Wang et al. (2026) Terrestrial water storage variations and drought characteristics in the upper yellow river basin revealed by joint GNSS-GRACE analysis
Identification
- Journal: Journal of Hydrology Regional Studies
- Year: 2026
- Date: 2026-02-17
- Authors: Zi Wang, Hai Zhu, Kejie Chen, Mingjia Li, Shunqiang Hu, Junguo Liu, Qingfeng Hu, Liang Sun, Ge Gu, He Li
- DOI: 10.1016/j.ejrh.2026.103255
Research Groups
- Department of Earth and Space Sciences, Southern University of Science and Technology, Shenzhen, China
- Department of Land Surveying and Geo-Informatics, The Hong Kong Polytechnic University, Hong Kong
- Guangdong Provincial Key Laboratory of Geophysical High-resolution Imaging Technology, Southern University of Science and Technology, Shenzhen, China
- Key Laboratory of Poyang Lake Wetland and Watershed Research, Ministry of Education, Jiangxi Normal University, Nanchang, China
- Henan Provincial Key Lab of Hydrosphere and Watershed Water Security, North China University of Water Resources and Electric Power, Zhengzhou, Henan, China
- College of Surveying and Geo-informatics, North China University of Water Resources and Electric Power, Zhengzhou, Henan, China
- Information Center (Hydrology Monitor and Forecast Center), Ministry of Water Resources, Beijing, China
Short Summary
This study integrates GNSS and GRACE observations to jointly invert terrestrial water storage (TWS) changes in the Upper Yellow River Basin (UYRB) from 2011 to 2023, revealing distinct spatial heterogeneity in TWS dynamics and drought drivers, with the south primarily climate-controlled and the north dominated by human activities.
Objective
- To jointly invert terrestrial water storage (TWS) changes in the Upper Yellow River Basin (UYRB) by integrating Global Navigation Satellite System (GNSS) and Gravity Recovery and Climate Experiment (GRACE) observations from 2011 to 2023.

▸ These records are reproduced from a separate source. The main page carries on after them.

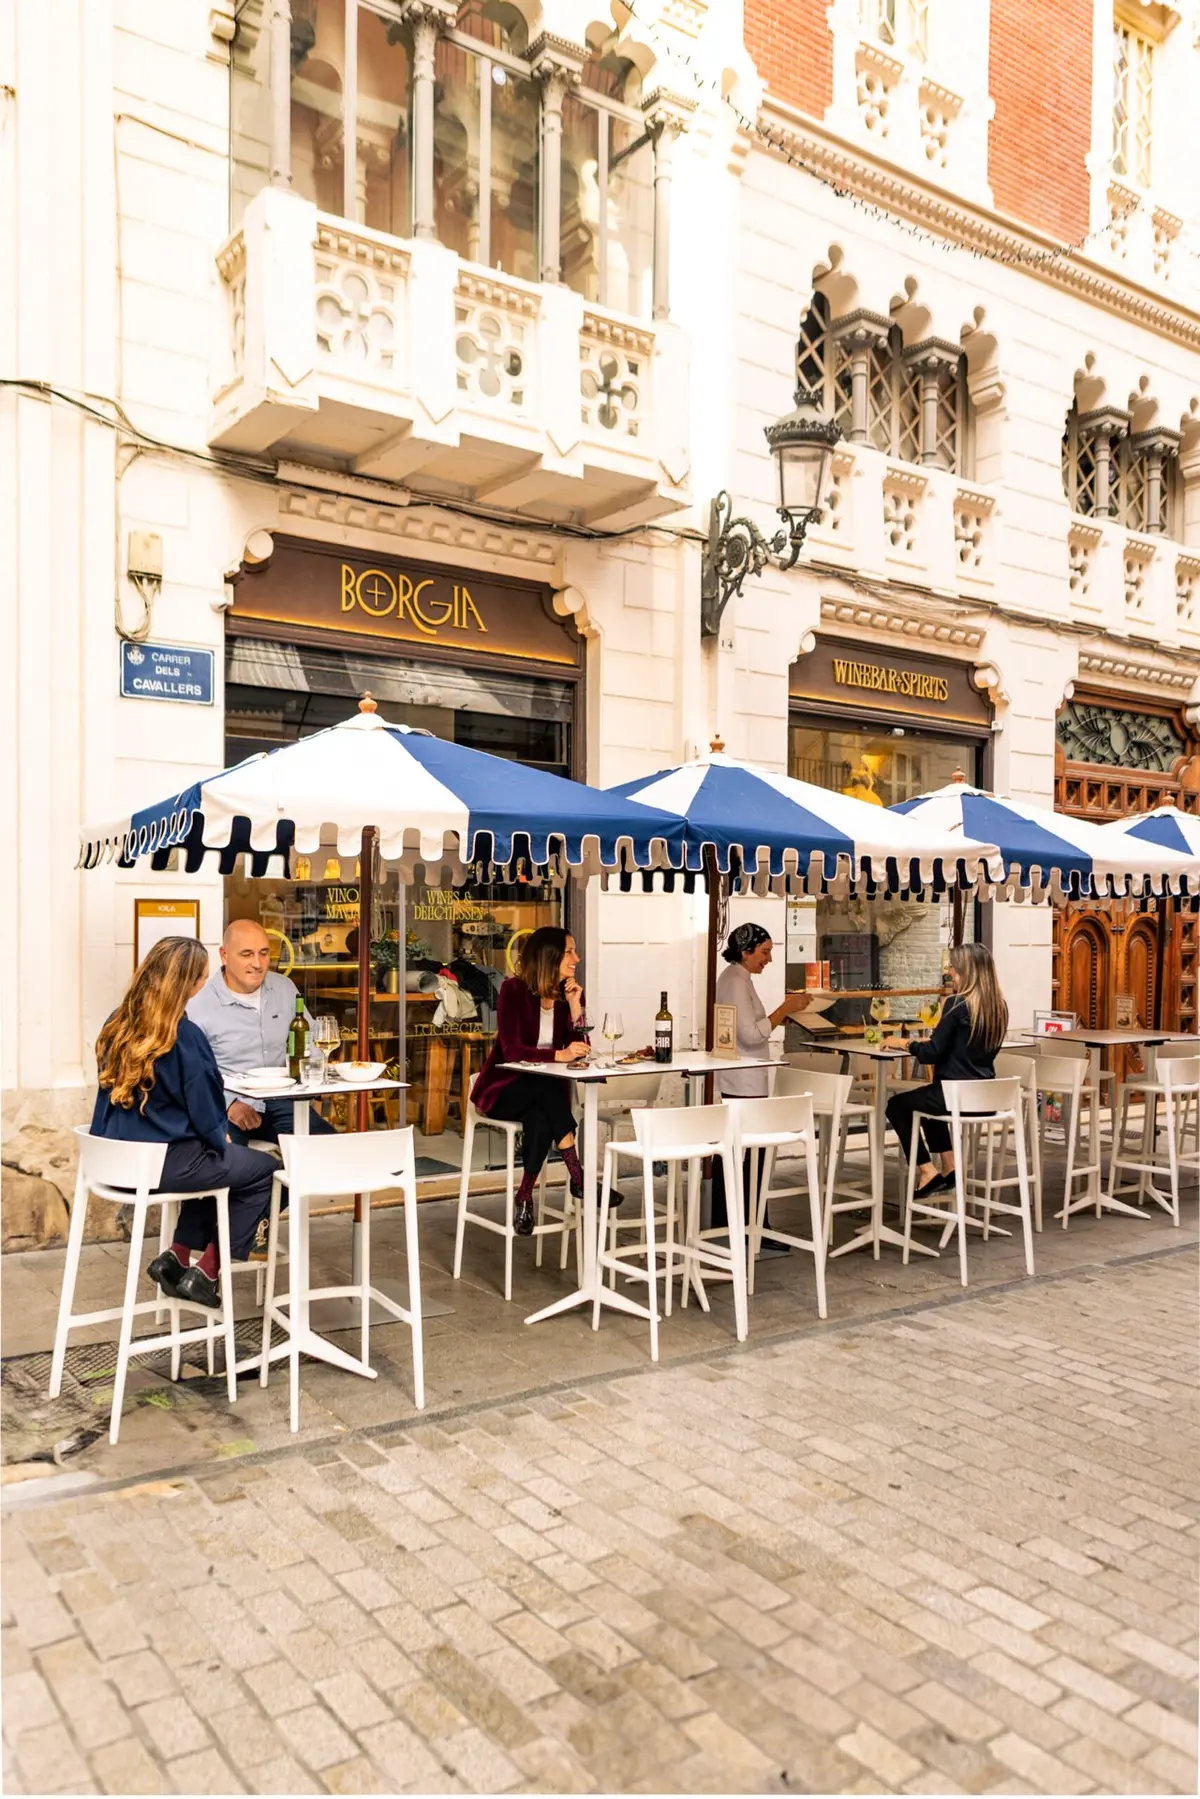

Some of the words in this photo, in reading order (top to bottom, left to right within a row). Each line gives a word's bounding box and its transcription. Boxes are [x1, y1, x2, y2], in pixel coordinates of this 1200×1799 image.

[340, 563, 488, 635] BORGIA
[151, 652, 191, 666] CARRER
[155, 665, 180, 677] DELS
[133, 677, 202, 696] CAVALLERS
[327, 887, 360, 903] VINO
[426, 890, 460, 905] WINES
[325, 903, 360, 920] MANJA

- To characterize the spatiotemporal evolution of hydrological droughts in the UYRB and identify their dominant drivers through correlation analysis and a machine-learning framework with SHAP interpretation, using multi-source meteorological and hydrological datasets.
Study Configuration
- Spatial Scale: Upper Yellow River Basin (UYRB), divided into Region I (southern UYRB, Tibetan Plateau) and Region II (northern UYRB, Loess Plateau and Hetao Plain). Inversion grid cells of 0.5° × 0.5°.
- Temporal Scale: January 2011 to January 2023 (12 years), with monthly data.
Methodology and Data
- Models used:
- GNSS-GRACE joint inversion framework (mascon-constrained, Green’s function-based)

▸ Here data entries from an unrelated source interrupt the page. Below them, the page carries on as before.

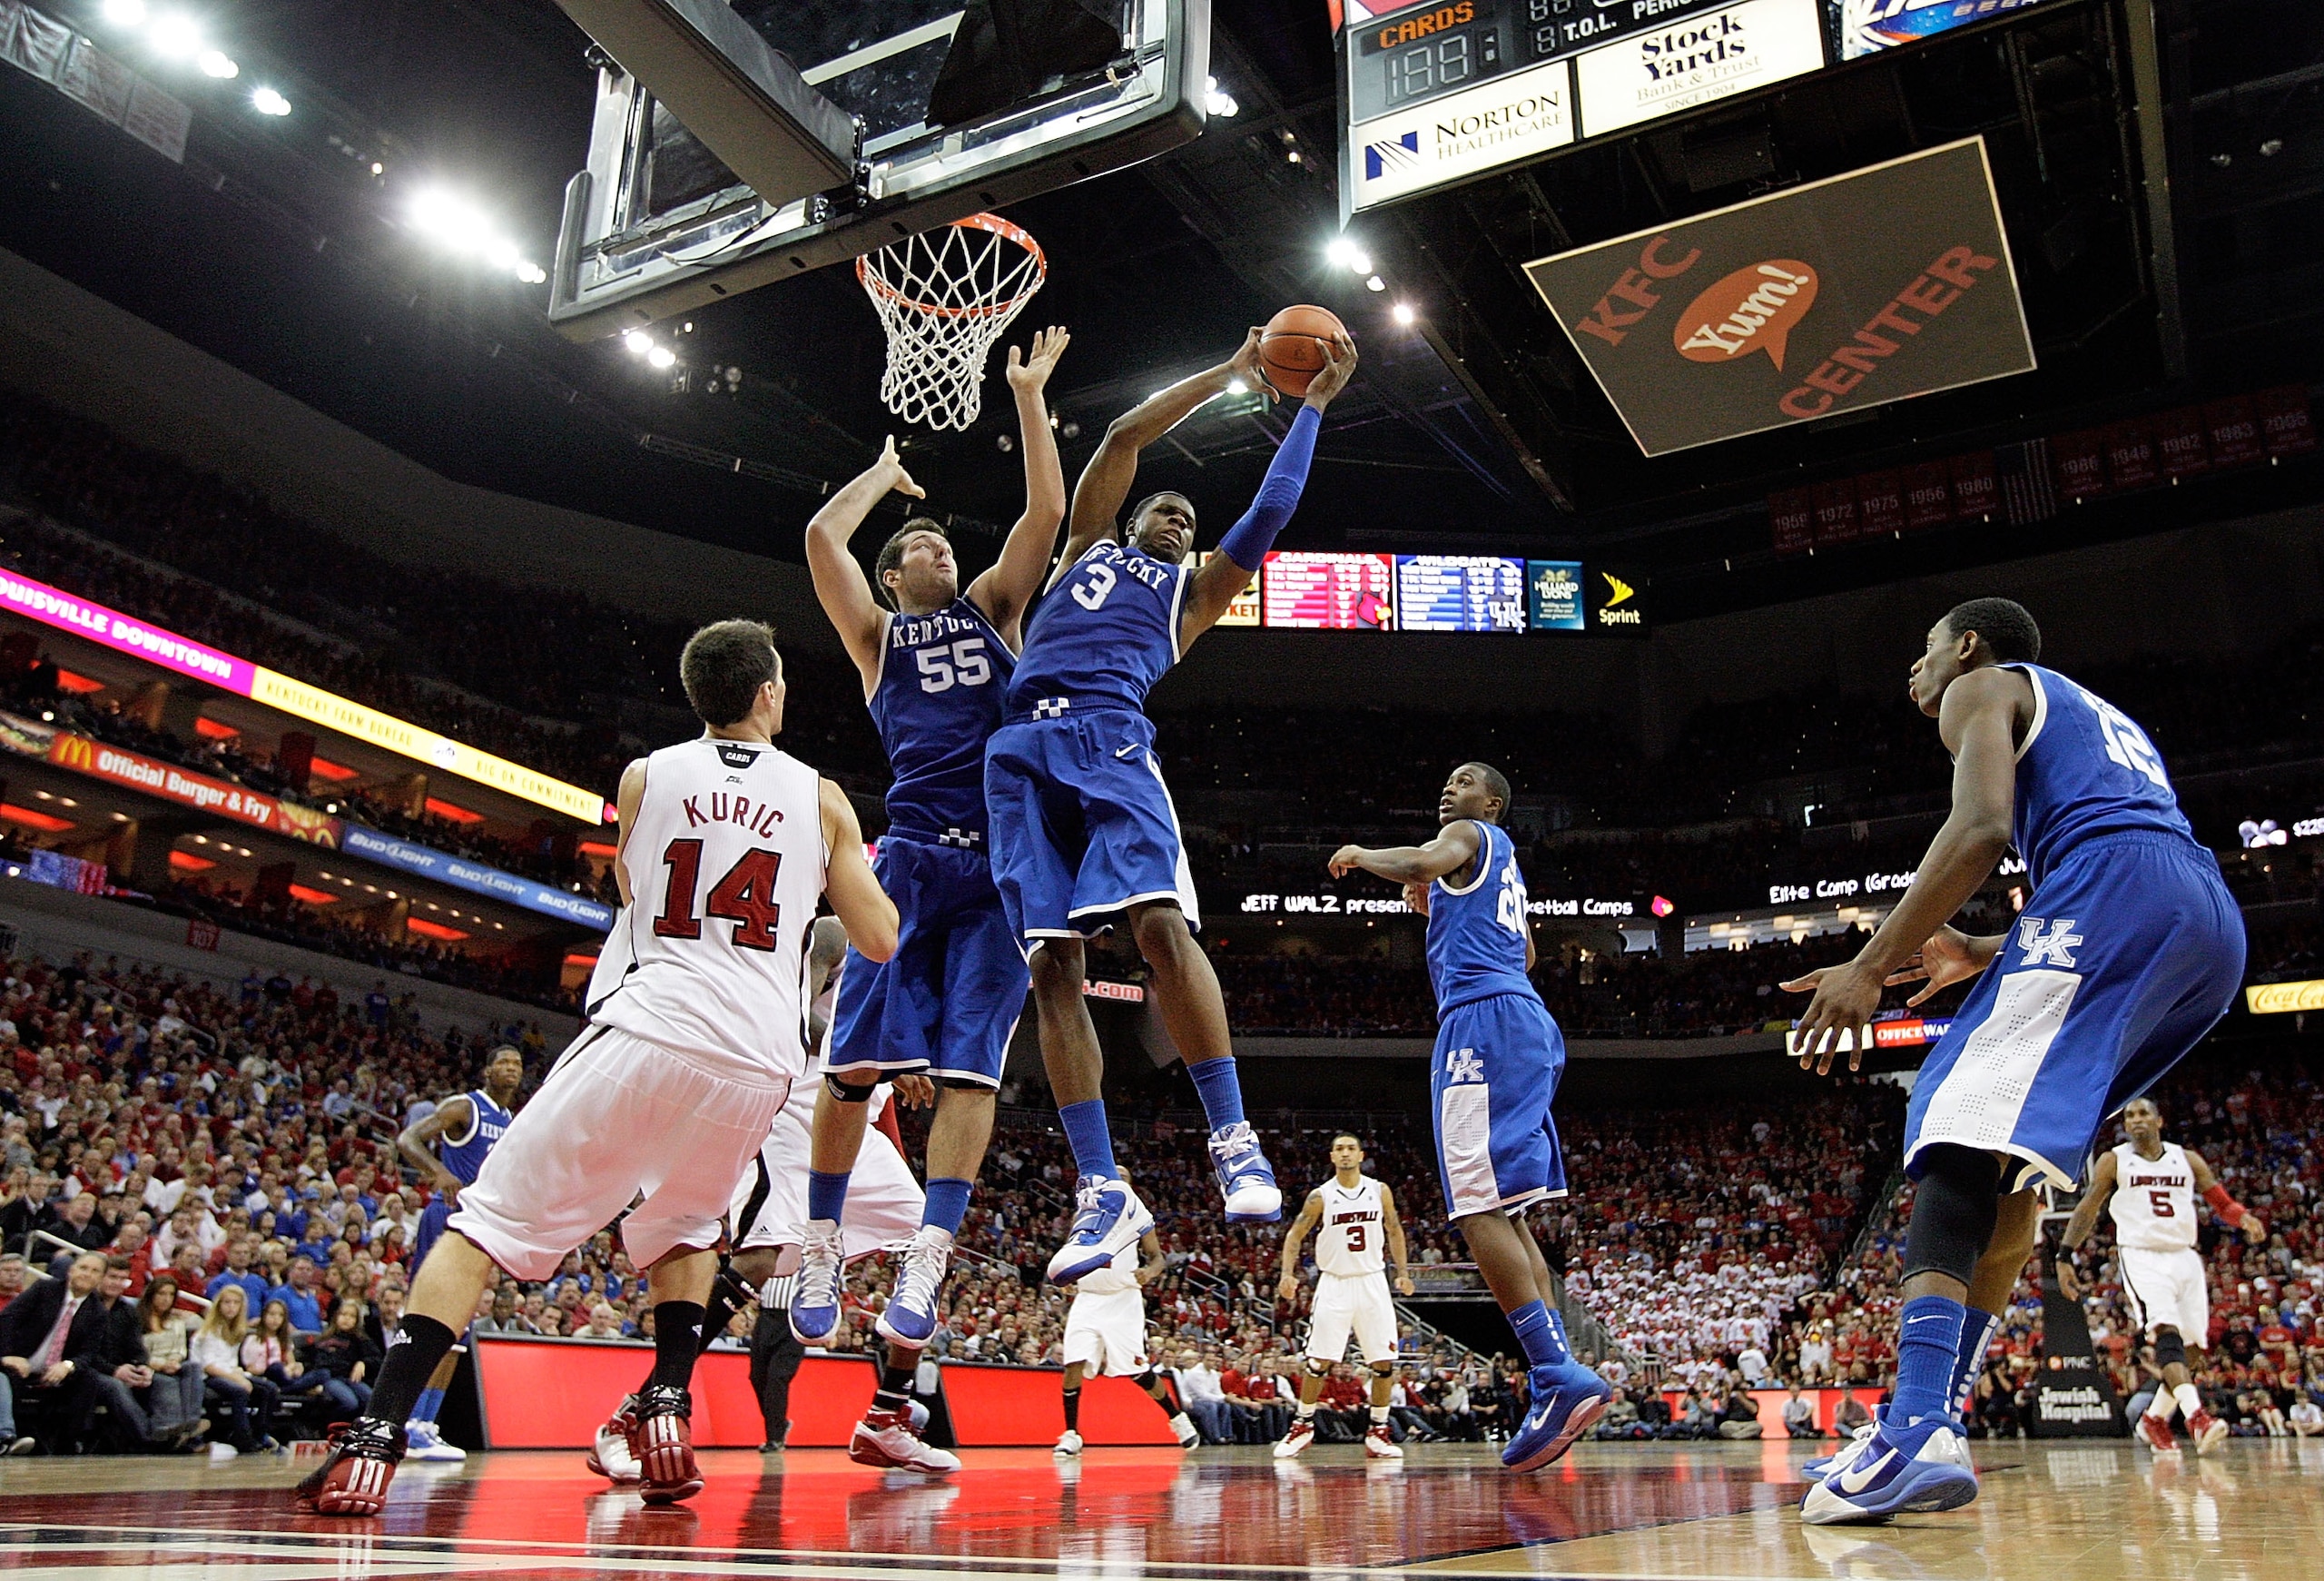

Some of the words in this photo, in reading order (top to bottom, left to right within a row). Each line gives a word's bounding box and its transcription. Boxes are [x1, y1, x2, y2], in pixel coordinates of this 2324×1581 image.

[1379, 1, 1475, 48] CARDS
[1562, 14, 1618, 42] T.O.L.
[1641, 15, 1744, 62] Stock
[1637, 76, 1685, 102] Bank
[1689, 71, 1702, 84] &
[1709, 55, 1761, 80] Trust
[1644, 39, 1746, 82] Yards
[1436, 91, 1561, 143] NORTON
[1664, 94, 1703, 112] SINCE
[1438, 113, 1563, 160] HEALTHCARE
[1576, 236, 1702, 347] KFC
[1681, 264, 1809, 355] Yum!
[1778, 245, 1999, 420] CENTER
[1278, 552, 1377, 564] CARDINALS
[1416, 556, 1502, 568] WILDCATS
[1070, 563, 1118, 610] 3
[1534, 581, 1579, 592] HILLIARD
[1600, 608, 1641, 626] Sprint
[112, 620, 232, 679] DOWNTOWN
[915, 637, 991, 694] 55
[266, 682, 329, 715] KENTUCKY
[725, 751, 751, 764] CARDS
[97, 749, 165, 787] Official
[167, 772, 227, 808] Burger
[228, 791, 242, 810] &
[244, 797, 271, 824] Fry
[683, 791, 784, 840] KURIC
[654, 837, 783, 953] 14
[1241, 894, 1279, 912] JEFF
[1285, 895, 1341, 913] WALZ
[1583, 898, 1634, 917] Camps
[1770, 884, 1809, 904] Elite
[1816, 877, 1859, 897] Camp
[2017, 916, 2084, 968] UK
[1446, 1048, 1484, 1083] UK
[2149, 1191, 2175, 1218] 5
[1346, 1225, 1366, 1252] 3

- Principal Component Analysis (PCA) for GNSS noise reduction
- Light Gradient Boosting Machine (LightGBM) for TWS prediction
- SHapley Additive exPlanations (SHAP) for model interpretation
- Drought Severity Index (DSI) calculation
- Standardized Precipitation Index (SPI)
- Data sources:
- GNSS vertical displacement time series from 39 stations (Crustal Movement Observation Network of China - CMONOC).
- GRACE RL06.3_v04 Mascon product (JPL, 0.5° grid).
- Global Land Data Assimilation System Noah Land Surface Model version 2.1 (GLDAS-Noah v2.1) for root-zone soil moisture, canopy water content, and snow water equivalent.
- ERA5-Land dataset for precipitation (P), evapotranspiration (ET), and runoff (R).
- MODIS Leaf Area Index (LAI) product (MCD15A3H).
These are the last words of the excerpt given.